Spatial localization data:
┌──

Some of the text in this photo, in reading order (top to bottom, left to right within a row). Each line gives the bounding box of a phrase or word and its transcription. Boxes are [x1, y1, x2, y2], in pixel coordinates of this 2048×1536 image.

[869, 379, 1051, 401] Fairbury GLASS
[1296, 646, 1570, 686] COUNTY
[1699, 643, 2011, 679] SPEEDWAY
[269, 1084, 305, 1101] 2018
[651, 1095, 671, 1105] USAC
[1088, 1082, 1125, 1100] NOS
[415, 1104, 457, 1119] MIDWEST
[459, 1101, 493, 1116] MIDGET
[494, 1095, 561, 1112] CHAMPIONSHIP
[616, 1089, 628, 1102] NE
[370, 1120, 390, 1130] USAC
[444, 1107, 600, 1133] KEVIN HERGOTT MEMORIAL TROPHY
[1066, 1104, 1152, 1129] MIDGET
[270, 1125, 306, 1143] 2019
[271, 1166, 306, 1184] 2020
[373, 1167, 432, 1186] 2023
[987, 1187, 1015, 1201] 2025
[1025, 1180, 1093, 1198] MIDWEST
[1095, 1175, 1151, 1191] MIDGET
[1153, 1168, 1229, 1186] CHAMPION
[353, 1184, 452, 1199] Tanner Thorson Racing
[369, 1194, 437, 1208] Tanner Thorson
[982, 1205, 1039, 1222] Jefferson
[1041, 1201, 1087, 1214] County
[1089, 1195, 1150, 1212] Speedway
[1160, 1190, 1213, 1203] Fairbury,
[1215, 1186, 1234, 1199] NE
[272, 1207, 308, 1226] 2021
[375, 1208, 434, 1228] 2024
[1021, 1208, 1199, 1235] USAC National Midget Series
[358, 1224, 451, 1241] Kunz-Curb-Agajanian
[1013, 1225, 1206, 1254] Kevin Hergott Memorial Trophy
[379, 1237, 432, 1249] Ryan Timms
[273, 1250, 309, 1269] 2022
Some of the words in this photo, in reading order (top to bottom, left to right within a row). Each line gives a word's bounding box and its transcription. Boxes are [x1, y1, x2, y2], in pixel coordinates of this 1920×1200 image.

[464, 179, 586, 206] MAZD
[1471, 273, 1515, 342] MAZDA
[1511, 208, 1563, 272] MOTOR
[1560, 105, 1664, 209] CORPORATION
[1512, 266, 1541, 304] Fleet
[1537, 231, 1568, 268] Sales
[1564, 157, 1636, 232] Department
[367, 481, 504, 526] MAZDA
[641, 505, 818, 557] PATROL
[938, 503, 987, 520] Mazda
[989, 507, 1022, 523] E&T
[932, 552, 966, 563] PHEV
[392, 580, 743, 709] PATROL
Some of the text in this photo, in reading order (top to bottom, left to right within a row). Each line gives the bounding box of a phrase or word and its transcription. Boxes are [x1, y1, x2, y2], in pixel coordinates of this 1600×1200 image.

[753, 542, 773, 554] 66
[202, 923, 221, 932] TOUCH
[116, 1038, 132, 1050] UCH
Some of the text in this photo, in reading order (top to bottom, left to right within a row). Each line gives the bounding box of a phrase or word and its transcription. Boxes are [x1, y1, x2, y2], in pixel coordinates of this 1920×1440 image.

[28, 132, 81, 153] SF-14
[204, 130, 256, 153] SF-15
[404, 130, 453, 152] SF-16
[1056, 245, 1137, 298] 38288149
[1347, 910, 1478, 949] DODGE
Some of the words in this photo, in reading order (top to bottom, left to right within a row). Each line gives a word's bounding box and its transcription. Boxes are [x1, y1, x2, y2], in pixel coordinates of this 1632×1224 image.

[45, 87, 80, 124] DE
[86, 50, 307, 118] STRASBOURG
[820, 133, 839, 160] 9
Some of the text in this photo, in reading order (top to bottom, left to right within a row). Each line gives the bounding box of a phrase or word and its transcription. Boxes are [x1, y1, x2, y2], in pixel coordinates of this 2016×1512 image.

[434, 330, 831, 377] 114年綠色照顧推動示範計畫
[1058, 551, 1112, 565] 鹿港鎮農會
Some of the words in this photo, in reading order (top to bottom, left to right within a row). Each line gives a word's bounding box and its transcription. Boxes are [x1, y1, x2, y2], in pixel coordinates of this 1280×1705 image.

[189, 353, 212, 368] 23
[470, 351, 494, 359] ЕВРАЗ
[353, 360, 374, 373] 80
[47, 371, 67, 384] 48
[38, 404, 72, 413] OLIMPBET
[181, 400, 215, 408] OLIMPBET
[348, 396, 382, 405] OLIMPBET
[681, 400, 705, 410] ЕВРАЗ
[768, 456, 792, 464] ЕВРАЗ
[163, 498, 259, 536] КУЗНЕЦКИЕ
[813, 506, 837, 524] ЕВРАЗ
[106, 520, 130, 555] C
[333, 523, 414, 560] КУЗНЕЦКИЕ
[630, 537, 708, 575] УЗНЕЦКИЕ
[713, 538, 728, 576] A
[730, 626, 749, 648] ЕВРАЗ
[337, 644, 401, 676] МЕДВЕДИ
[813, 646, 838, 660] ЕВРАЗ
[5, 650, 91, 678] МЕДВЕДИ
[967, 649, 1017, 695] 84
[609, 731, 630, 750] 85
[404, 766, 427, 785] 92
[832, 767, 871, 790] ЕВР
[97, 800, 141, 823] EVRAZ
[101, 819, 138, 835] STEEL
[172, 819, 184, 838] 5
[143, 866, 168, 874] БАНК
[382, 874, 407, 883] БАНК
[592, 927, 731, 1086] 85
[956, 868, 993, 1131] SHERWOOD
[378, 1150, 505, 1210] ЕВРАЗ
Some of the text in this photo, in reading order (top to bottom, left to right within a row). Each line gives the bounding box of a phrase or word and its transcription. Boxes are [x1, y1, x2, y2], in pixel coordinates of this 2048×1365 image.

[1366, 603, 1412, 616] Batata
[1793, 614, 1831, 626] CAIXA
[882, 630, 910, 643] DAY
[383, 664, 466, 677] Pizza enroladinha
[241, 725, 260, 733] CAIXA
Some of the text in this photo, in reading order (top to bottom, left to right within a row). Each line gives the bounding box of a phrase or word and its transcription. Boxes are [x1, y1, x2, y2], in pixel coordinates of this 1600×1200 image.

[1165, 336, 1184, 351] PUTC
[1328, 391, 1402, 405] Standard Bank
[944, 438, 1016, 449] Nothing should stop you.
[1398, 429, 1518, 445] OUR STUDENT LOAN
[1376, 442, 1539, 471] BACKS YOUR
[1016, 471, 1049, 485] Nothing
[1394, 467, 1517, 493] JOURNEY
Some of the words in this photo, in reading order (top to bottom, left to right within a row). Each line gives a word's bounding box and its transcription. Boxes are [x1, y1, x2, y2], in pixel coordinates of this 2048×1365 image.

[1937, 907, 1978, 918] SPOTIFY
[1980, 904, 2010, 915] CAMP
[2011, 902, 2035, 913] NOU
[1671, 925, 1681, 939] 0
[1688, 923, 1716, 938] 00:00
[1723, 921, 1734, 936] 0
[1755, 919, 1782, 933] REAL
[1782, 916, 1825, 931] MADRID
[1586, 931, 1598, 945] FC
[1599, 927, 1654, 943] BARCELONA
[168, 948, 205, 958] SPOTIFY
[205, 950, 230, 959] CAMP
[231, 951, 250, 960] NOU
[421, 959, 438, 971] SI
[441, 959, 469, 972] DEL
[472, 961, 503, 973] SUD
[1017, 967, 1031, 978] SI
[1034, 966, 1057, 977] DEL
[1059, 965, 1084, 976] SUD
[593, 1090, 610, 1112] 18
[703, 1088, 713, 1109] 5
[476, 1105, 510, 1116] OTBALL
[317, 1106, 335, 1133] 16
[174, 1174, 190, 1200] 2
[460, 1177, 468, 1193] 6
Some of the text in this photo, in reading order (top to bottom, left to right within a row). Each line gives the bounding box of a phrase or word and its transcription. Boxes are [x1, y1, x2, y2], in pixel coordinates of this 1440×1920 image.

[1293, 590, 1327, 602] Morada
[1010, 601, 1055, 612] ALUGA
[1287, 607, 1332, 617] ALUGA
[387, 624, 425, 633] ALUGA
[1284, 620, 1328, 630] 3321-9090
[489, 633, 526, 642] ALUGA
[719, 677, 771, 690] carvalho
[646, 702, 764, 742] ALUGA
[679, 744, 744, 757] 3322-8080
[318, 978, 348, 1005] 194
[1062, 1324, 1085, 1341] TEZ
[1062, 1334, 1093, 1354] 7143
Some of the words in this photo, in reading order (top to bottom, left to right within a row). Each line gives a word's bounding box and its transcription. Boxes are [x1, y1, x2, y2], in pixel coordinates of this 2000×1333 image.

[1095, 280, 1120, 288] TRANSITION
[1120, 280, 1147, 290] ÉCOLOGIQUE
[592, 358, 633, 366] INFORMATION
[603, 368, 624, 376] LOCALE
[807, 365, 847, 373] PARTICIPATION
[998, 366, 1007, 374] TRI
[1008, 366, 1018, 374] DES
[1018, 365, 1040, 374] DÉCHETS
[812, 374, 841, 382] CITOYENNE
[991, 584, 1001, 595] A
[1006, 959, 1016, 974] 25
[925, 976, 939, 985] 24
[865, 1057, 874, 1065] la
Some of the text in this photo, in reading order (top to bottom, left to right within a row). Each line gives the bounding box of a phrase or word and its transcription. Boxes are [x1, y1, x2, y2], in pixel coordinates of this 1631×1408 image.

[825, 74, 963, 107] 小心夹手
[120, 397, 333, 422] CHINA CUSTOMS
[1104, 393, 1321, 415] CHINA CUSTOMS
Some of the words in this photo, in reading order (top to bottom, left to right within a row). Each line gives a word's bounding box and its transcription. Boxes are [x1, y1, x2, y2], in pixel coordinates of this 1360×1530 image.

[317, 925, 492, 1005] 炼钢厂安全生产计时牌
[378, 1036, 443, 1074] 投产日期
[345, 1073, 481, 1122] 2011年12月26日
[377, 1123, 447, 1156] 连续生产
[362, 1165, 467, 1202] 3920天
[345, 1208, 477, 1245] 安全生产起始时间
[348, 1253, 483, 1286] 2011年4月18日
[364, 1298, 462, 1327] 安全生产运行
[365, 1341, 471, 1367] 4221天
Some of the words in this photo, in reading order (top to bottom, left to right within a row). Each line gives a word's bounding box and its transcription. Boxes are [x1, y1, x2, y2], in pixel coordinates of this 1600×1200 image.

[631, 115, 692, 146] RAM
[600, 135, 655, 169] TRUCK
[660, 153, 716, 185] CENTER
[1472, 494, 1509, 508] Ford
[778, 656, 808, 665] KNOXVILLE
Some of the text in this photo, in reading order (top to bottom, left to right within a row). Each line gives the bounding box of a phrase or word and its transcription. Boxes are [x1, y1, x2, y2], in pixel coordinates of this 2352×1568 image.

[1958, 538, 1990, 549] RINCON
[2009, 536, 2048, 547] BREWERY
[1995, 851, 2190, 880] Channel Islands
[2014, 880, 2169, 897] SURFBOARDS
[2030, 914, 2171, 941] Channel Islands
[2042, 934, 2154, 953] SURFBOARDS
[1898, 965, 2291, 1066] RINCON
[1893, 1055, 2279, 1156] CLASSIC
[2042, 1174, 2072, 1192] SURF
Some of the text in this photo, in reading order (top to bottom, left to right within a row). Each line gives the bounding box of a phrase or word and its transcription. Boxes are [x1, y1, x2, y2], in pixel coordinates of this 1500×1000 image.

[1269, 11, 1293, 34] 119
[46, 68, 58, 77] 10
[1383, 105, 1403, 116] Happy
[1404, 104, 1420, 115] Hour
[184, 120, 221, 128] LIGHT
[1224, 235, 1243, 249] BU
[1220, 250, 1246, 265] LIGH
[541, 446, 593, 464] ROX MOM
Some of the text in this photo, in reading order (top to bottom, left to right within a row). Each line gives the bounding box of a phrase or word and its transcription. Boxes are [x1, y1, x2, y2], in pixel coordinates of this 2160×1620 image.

└──

**Exercise**
In the records above, retype exactly the lines from the one with "this 1500×1000 image." through the last one.

**Output for this task**
Some of the text in this photo, in reading order (top to bottom, left to right within a row). Each line gives the bounding box of a phrase or word and its transcription. Boxes are [x1, y1, x2, y2], in pixel coordinates of this 1500×1000 image.

[1269, 11, 1293, 34] 119
[46, 68, 58, 77] 10
[1383, 105, 1403, 116] Happy
[1404, 104, 1420, 115] Hour
[184, 120, 221, 128] LIGHT
[1224, 235, 1243, 249] BU
[1220, 250, 1246, 265] LIGH
[541, 446, 593, 464] ROX MOM
Some of the text in this photo, in reading order (top to bottom, left to right within a row). Each line gives the bounding box of a phrase or word and its transcription. Boxes are [x1, y1, x2, y2], in pixel coordinates of this 2160×1620 image.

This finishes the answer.